Ano1−/− mice do not survive more than a few days unlike Ano1+/− mice which showed impaired insulin secretion [76]. This elegant study also completely supports a role for Ano1 in insulin secretion. The authors reported that insulin and Ano1 genes lie on the same human chromosome 11, that they interact with each other, and that this interaction is strengthened, upon glucose stimulation. Twenty-five-millimolar glucose induced a threefold increased expression of Ano1 after 1 h, whereas its expression was decreased in the presence of siRNA against the insulin promoter.
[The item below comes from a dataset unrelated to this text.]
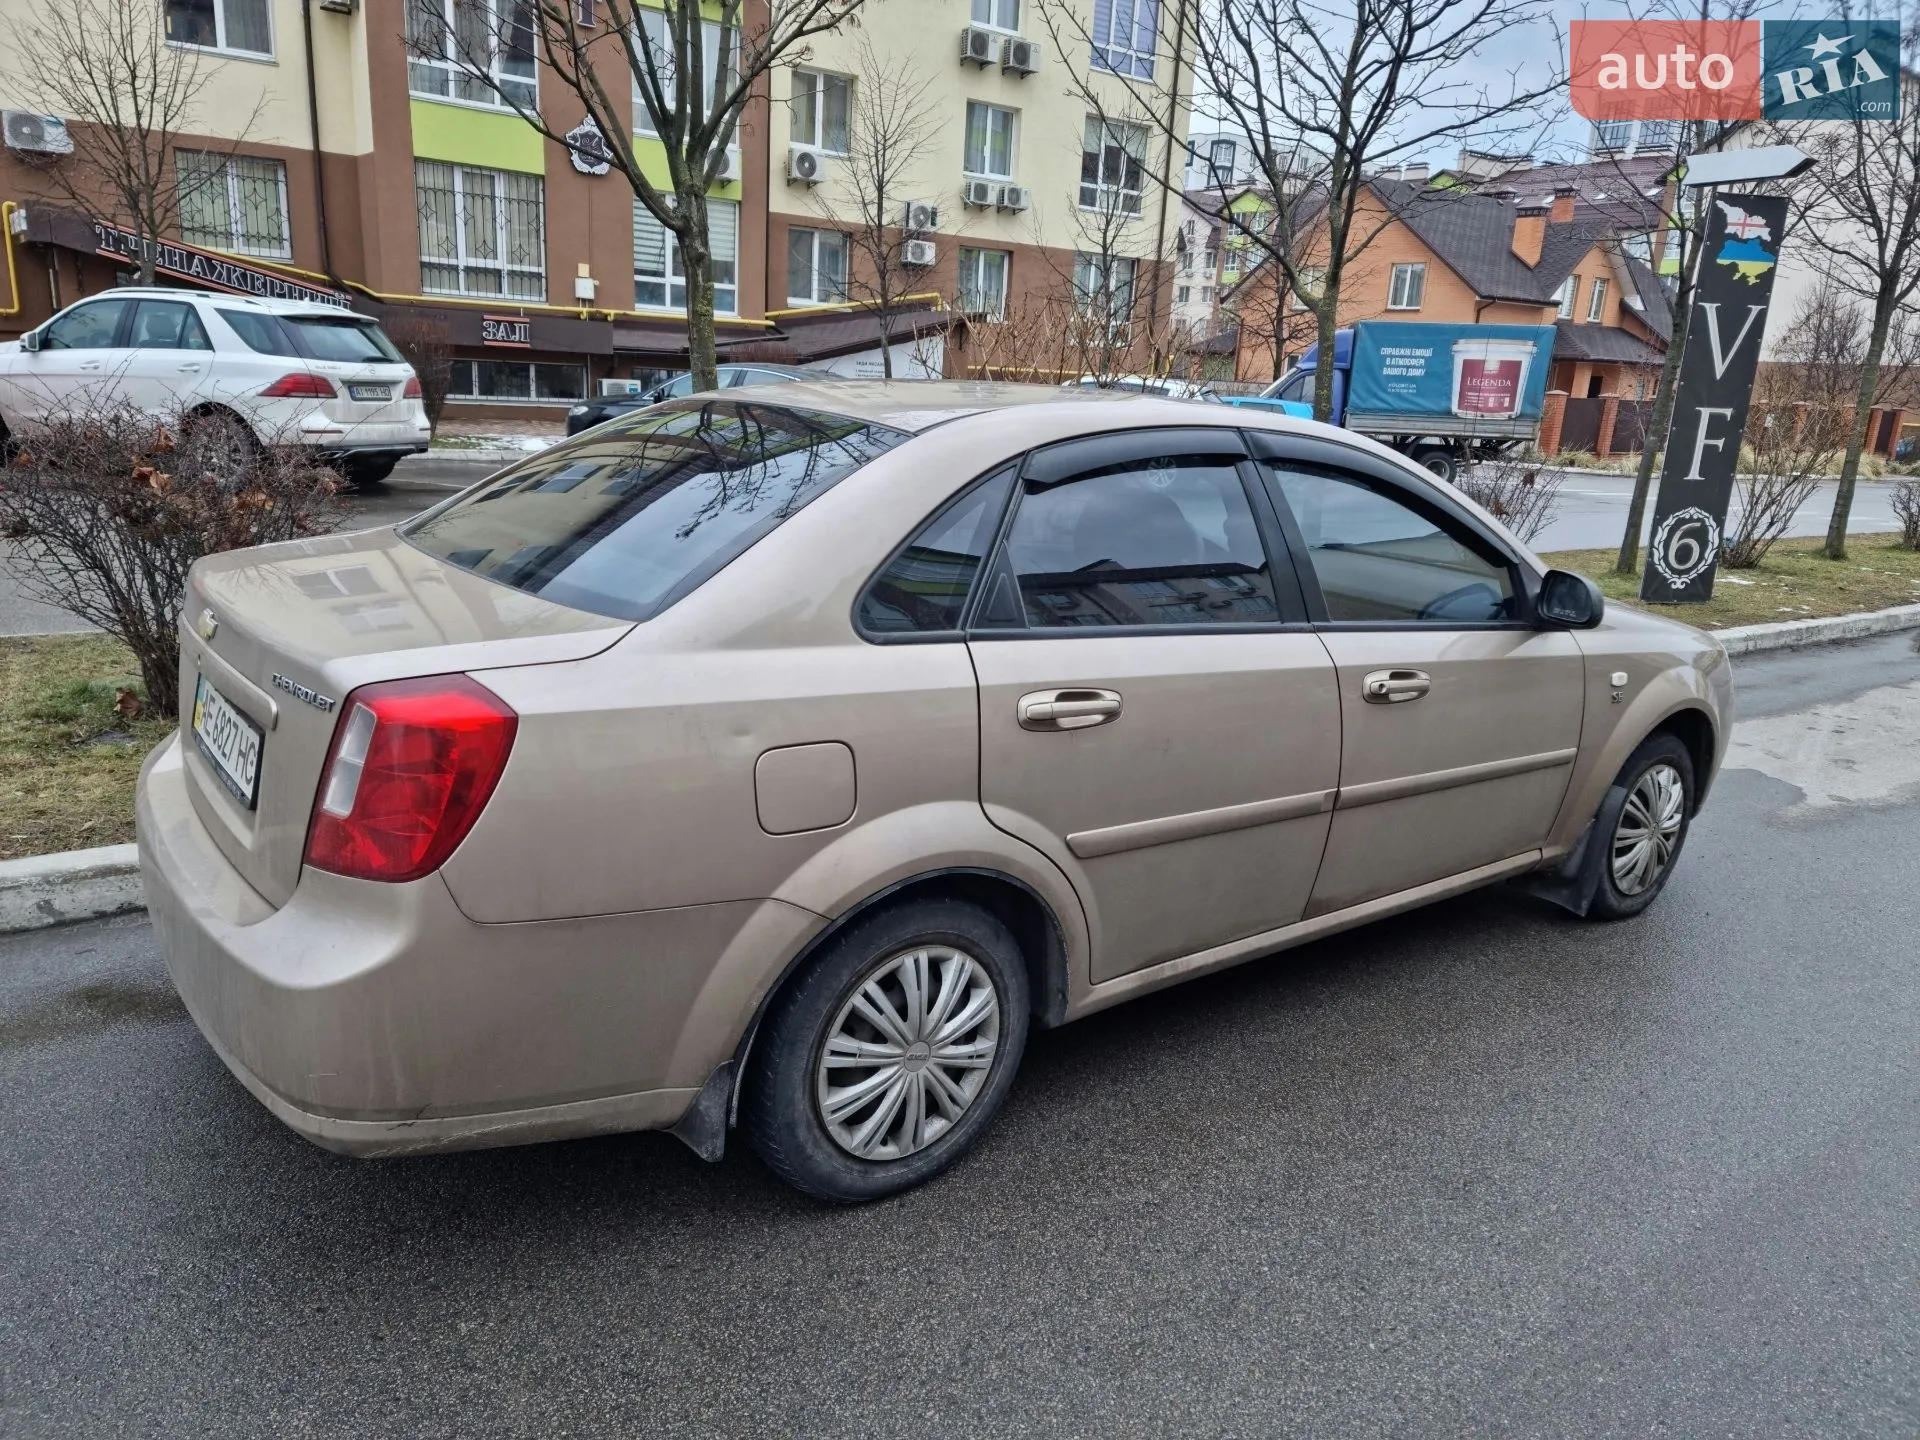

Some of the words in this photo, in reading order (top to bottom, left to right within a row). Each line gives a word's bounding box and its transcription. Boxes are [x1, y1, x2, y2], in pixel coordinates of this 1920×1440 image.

Thus, the glucose-induced gating of Ano1 may be as important as the K+ ATP channel closure to induce β-cell depolarization. We further suggest that Ano1 cyclic gating is responsible for the oscillatory pattern of membrane potential upon glucose stimulation with alternating active phases with AP and partially repolarized silent phases. These are instrumental in generating Ca2+ i oscillations and sustained insulin secretion. Blocking Ano1 nearly completely abolished the membrane potential oscillations as well as GSIS.

In conclusion, the present results demonstrate that in murine β-cells, glucose-induced opening of Ano1 is absolutely critical to reach the threshold potential for opening the L-type Ca2+ channels.